Recorded music, broadcasting
The Florida Supreme Court will hear arguments beginning on April 6th in the copyright-infringement lawsuit filed by founding members of the 1960s rock group the Turtles against SiriusXM satellite radio.
Flo & Eddie Inc., the California-based company whose principals are Turtles vocalists Mark Volman and Howard Kaylan, filed the lawsuit in 2013 alleging copyright infringement involving music made prior to 1972. Flo & Eddie have won suits against SiriusXM in California and New York (the later subsequently over turned) but a federal district court judge in Florida sided in 2015 with the satellite broadcaster, finding nothing in Florida statutes or common law dealt with copyrights of recordings made before 1972 (and the federal Copyright Act).
Judge Darrin Gayle said that “Florida is different” (from New York and California) saying “There is no specific Florida legislation covering sound recording property rights, nor is there a bevy of case law interpreting common law copyright related to the arts.” Declining to fill the void in the state’s legislation the Judge said “If this Court adopts Flo & Eddie’s position, it would be creating a new property right in Florida as opposed to interpreting the law” adding that it’s the job of the Florida state legislature to address the issue, and that a decison to plug the gap would bring up a host of other issues such as resolving who sets and administers licensing rates, who owns sound recordings for dead artists and what exceptions there might be to a public performance right.
The case went to the 11th U.S. Circuit Court of Appeals, which asked the Florida Supreme Court to take up the issues involving state law.
In December 2016, a majority in New York’s highest court ruled that Sirius XM did not have to get permission, or pay compensation, to the owners of pre-1972 music recordings in order to play their tracks in the case brought by the owners of The Turtle’s 1967 hit “Happy Together.” The Court of Appeals determined that New York common law does not recognise a “public performance right” in their decision in Flo & Eddie v.

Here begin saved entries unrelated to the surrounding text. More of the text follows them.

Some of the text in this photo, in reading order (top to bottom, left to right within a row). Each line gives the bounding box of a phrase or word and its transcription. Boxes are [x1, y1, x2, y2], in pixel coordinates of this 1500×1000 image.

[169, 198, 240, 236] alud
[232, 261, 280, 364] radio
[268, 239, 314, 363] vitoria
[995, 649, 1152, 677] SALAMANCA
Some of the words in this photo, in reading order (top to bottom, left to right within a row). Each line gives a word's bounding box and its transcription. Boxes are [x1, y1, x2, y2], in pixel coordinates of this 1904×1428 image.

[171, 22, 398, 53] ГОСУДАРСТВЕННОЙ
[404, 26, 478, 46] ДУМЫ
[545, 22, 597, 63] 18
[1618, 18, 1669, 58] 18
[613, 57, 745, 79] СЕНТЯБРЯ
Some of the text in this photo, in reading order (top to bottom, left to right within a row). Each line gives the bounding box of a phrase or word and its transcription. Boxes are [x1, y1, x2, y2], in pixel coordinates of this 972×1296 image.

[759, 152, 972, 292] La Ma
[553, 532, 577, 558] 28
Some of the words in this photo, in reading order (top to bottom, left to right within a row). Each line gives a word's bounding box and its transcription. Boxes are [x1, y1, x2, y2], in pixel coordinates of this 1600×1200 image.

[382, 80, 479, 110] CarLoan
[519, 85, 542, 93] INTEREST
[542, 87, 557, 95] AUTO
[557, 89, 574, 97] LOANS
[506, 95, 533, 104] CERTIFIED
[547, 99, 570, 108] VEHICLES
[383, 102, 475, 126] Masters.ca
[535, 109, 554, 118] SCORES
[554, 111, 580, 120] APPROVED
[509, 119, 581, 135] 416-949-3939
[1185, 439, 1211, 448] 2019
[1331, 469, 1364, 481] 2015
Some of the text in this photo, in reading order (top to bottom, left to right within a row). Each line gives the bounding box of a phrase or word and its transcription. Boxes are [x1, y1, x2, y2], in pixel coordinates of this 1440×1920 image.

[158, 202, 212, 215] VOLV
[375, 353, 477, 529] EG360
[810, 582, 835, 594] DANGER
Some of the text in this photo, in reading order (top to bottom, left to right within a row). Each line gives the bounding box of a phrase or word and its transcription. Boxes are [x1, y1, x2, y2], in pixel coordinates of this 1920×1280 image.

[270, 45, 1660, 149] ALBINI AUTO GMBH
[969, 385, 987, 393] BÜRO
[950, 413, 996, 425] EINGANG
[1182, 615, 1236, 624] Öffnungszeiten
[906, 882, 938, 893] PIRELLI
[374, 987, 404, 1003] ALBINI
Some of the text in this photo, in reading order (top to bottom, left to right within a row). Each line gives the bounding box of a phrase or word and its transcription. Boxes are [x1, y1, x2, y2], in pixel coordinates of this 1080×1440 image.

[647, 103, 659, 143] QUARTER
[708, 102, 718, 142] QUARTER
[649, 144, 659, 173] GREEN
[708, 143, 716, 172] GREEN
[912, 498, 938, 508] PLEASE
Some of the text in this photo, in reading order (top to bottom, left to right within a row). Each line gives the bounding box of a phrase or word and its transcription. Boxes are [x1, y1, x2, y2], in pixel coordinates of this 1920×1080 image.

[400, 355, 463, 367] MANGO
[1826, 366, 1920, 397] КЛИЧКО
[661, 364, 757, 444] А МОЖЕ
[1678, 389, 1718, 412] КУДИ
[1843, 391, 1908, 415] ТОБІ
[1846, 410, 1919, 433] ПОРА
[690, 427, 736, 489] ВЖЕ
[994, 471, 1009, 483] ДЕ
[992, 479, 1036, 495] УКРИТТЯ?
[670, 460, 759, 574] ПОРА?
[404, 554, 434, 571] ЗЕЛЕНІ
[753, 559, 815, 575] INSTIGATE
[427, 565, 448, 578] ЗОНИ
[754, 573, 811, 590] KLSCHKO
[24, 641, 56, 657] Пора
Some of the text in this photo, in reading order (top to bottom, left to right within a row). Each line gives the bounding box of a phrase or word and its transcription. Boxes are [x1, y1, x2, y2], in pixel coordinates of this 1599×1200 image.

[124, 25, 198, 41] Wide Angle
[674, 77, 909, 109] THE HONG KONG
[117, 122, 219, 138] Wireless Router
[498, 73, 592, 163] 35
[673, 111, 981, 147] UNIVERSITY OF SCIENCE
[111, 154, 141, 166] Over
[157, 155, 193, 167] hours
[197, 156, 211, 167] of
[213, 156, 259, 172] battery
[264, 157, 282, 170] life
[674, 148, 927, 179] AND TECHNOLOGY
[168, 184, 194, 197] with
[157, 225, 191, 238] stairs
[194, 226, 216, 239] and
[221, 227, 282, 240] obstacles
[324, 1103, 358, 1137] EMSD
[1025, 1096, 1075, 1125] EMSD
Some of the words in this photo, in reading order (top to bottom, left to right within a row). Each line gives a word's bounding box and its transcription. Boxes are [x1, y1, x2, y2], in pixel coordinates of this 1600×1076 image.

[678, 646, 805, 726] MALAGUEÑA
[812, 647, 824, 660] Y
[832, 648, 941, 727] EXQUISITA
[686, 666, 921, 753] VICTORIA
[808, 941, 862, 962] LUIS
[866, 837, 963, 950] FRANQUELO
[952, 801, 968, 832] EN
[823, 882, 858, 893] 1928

Sirius XM Radio. The Court of Appeals’ ruling comes in response to a certified question from the U.S. Court of Appeals for the Second Circuit, which inquired in April whether New York’s common law provides copyright protections for recordings not covered by federal law. Southern District Judge Colleen McMahon had denied Sirius’ motion for summary judgment in 2014, finding that New York common law did provide a public-right performance
That ruling came just weeks after a settlement between the Turtles members and SiriusXM in a related lawsuit in California. U.S. District Judge Phillip Gutierrez ruled against SiriusXM in 2014, holding that California state law, as it is written, gives the master recording owner exclusive performance rights.